» **Supplied records**:

--

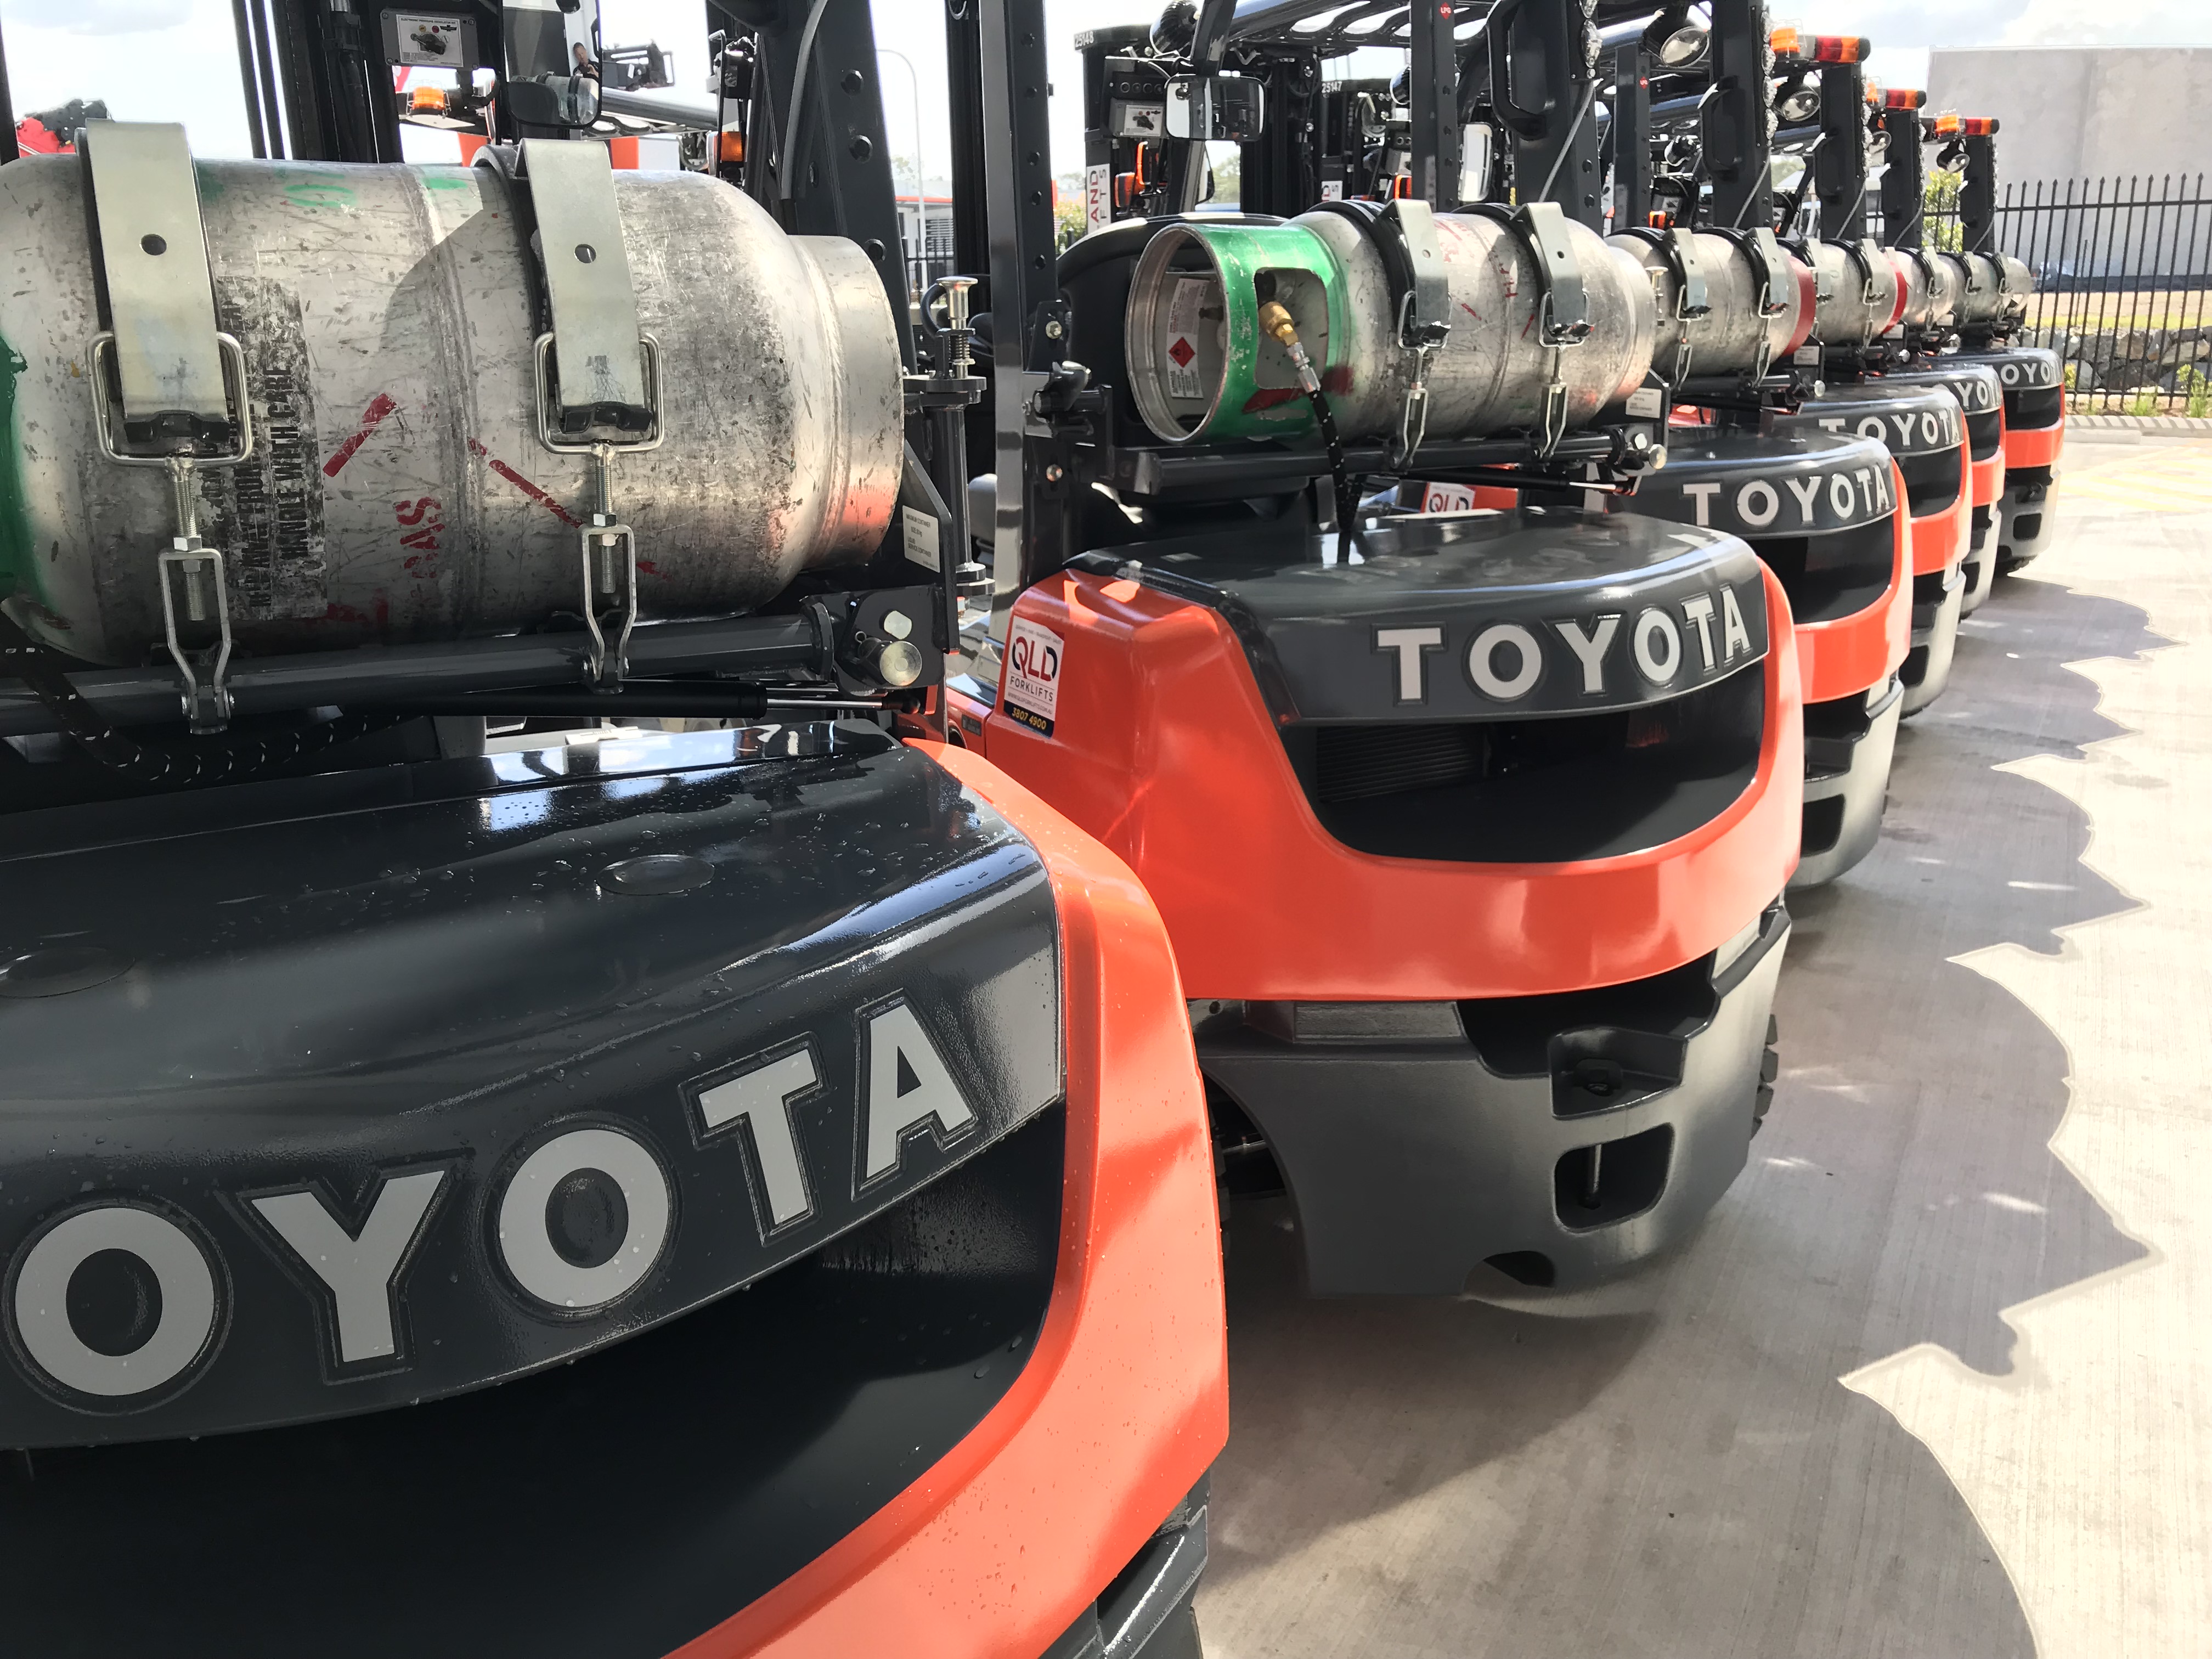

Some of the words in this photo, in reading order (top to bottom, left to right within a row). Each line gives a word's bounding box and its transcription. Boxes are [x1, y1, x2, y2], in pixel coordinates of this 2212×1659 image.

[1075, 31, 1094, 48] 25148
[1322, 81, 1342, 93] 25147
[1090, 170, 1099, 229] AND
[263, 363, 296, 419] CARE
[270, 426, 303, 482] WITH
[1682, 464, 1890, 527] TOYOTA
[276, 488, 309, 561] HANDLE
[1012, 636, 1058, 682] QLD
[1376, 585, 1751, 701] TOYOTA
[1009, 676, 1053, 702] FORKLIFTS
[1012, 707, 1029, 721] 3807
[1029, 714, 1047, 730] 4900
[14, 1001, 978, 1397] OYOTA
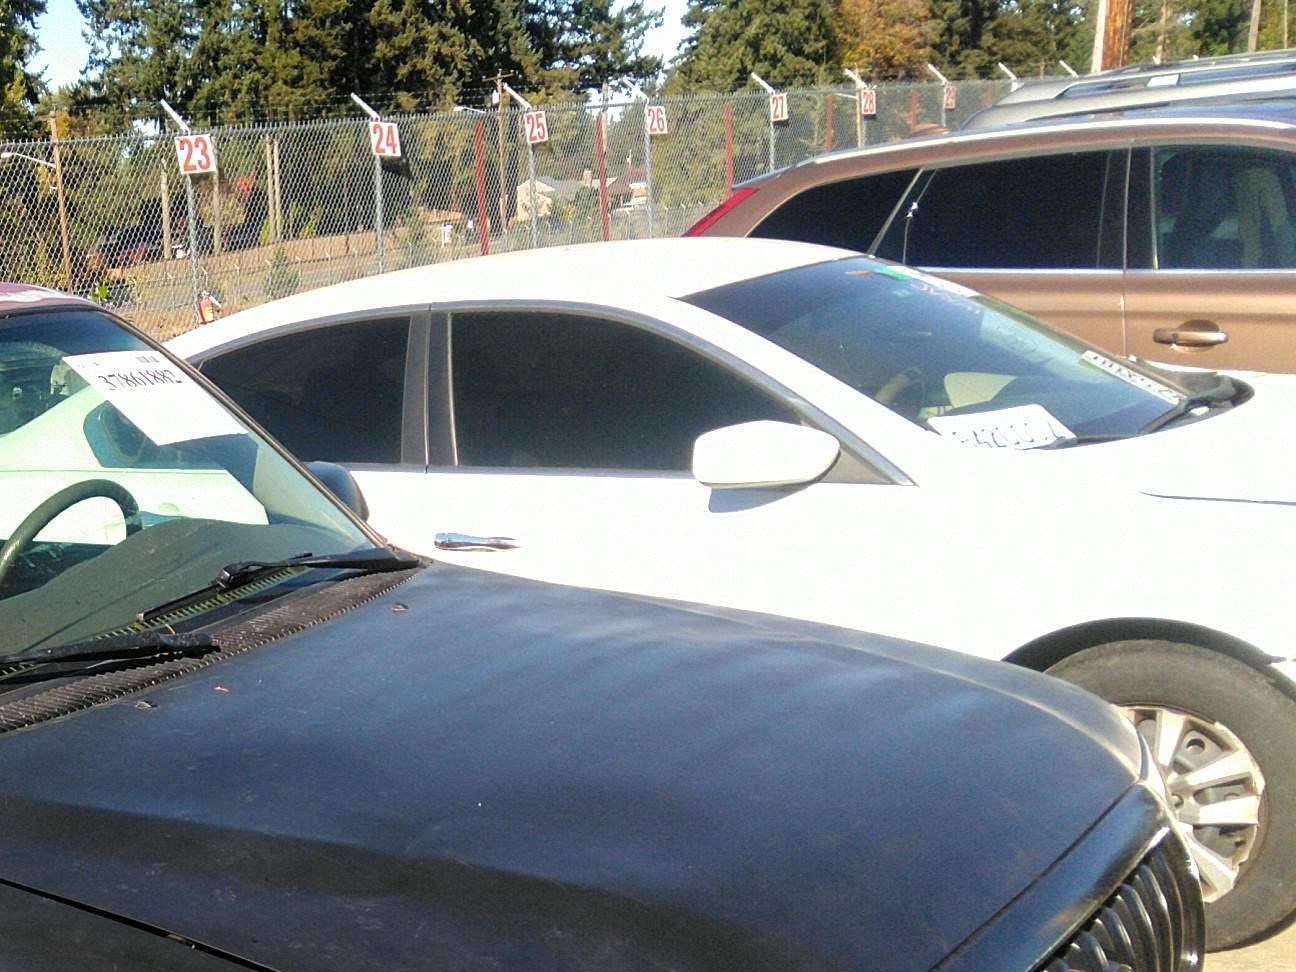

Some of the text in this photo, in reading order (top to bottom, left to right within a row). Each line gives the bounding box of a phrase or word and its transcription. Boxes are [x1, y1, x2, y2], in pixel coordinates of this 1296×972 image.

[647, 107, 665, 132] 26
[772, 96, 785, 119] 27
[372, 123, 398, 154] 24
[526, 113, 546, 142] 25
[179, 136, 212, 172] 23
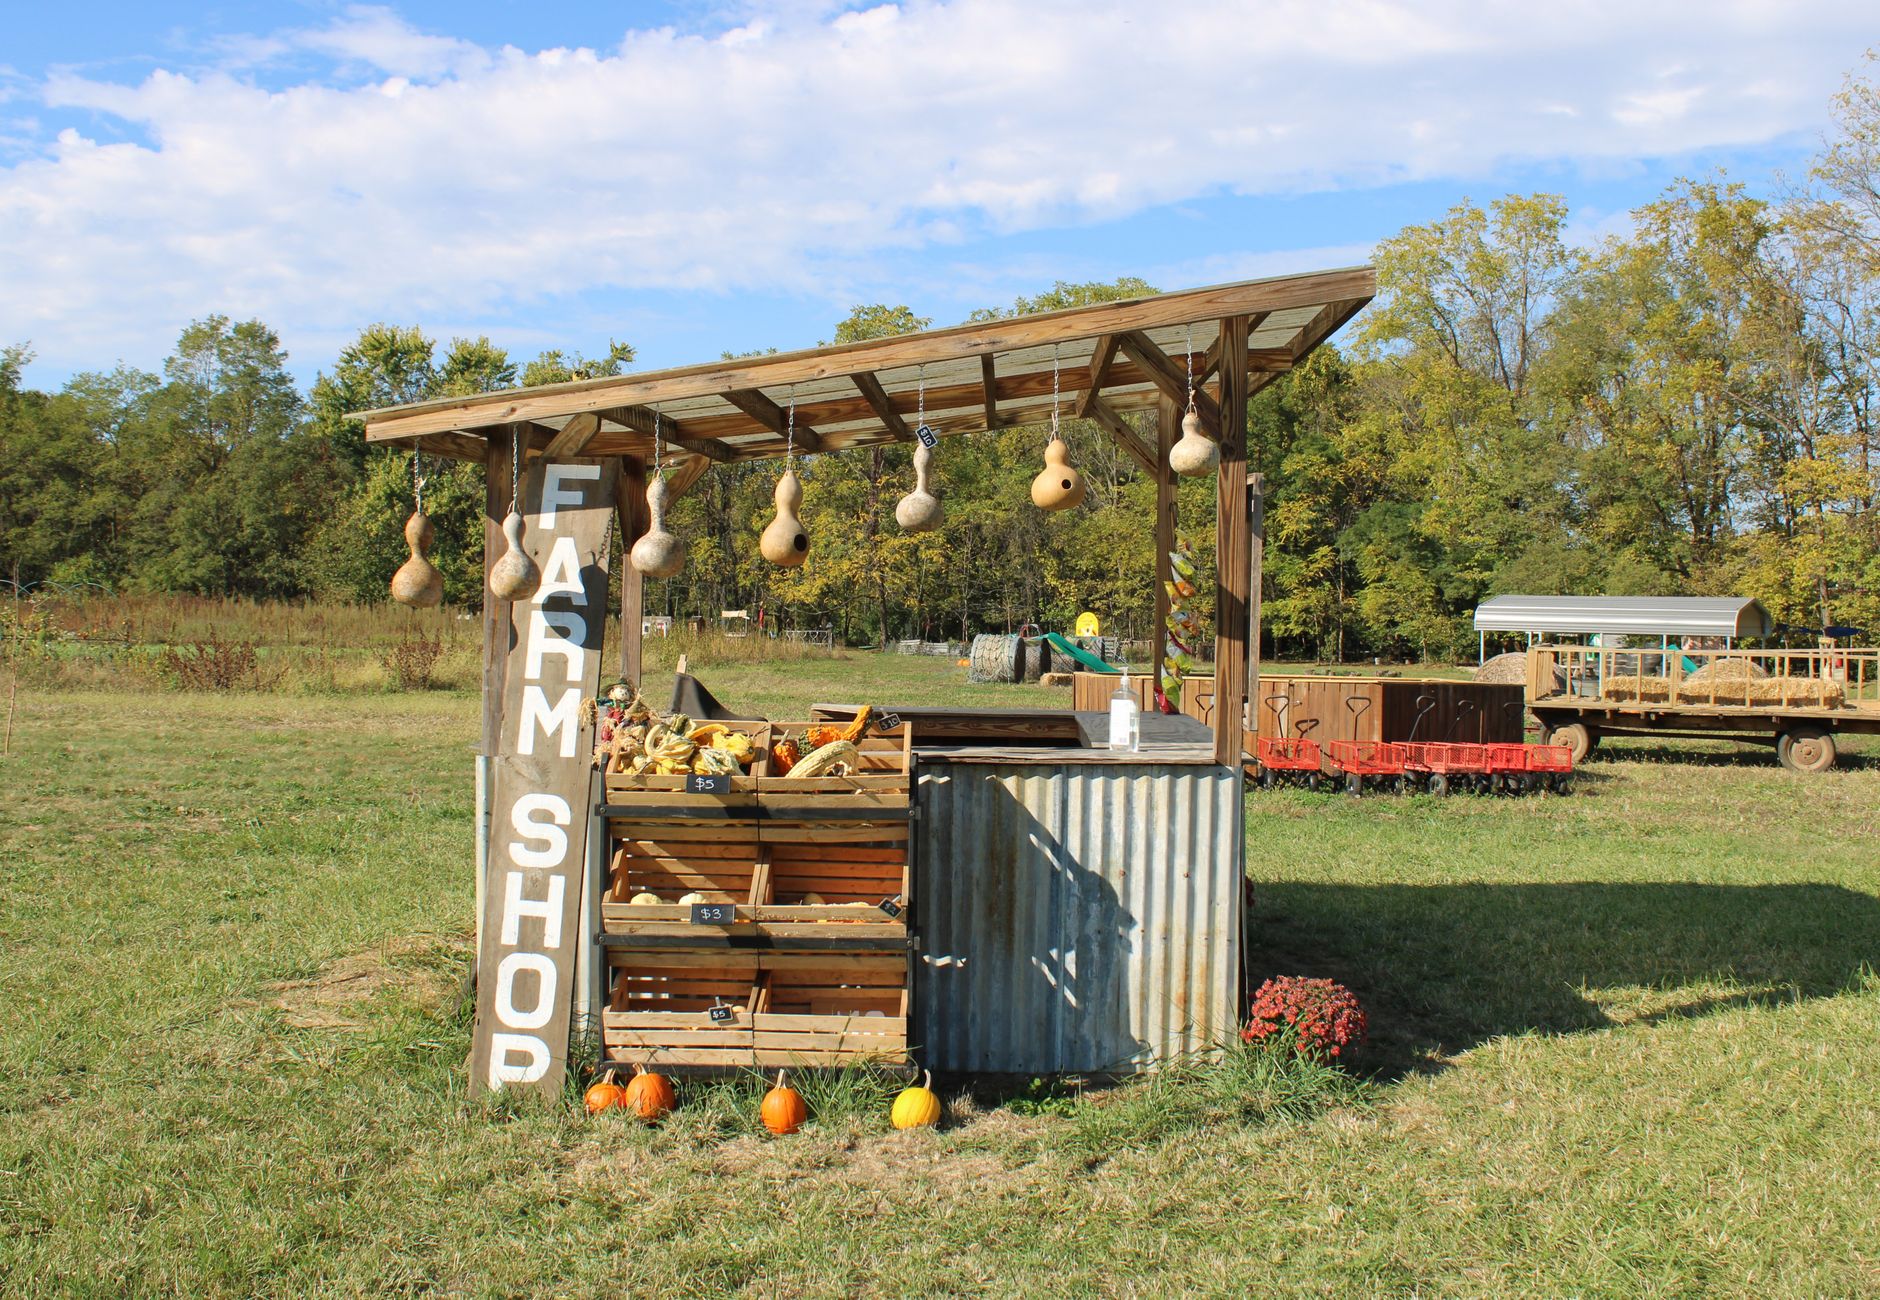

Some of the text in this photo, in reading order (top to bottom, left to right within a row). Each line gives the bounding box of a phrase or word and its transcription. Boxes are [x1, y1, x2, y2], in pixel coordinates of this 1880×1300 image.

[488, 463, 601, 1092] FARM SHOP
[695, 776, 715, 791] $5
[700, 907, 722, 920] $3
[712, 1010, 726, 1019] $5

--

» **Required work**: Every line from the one containing "this 1880×1300 image." through the final line of the data above is to be restated word for word, and nothing more.

» **Your response**:
Some of the text in this photo, in reading order (top to bottom, left to right within a row). Each line gives the bounding box of a phrase or word and its transcription. Boxes are [x1, y1, x2, y2], in pixel coordinates of this 1880×1300 image.

[488, 463, 601, 1092] FARM SHOP
[695, 776, 715, 791] $5
[700, 907, 722, 920] $3
[712, 1010, 726, 1019] $5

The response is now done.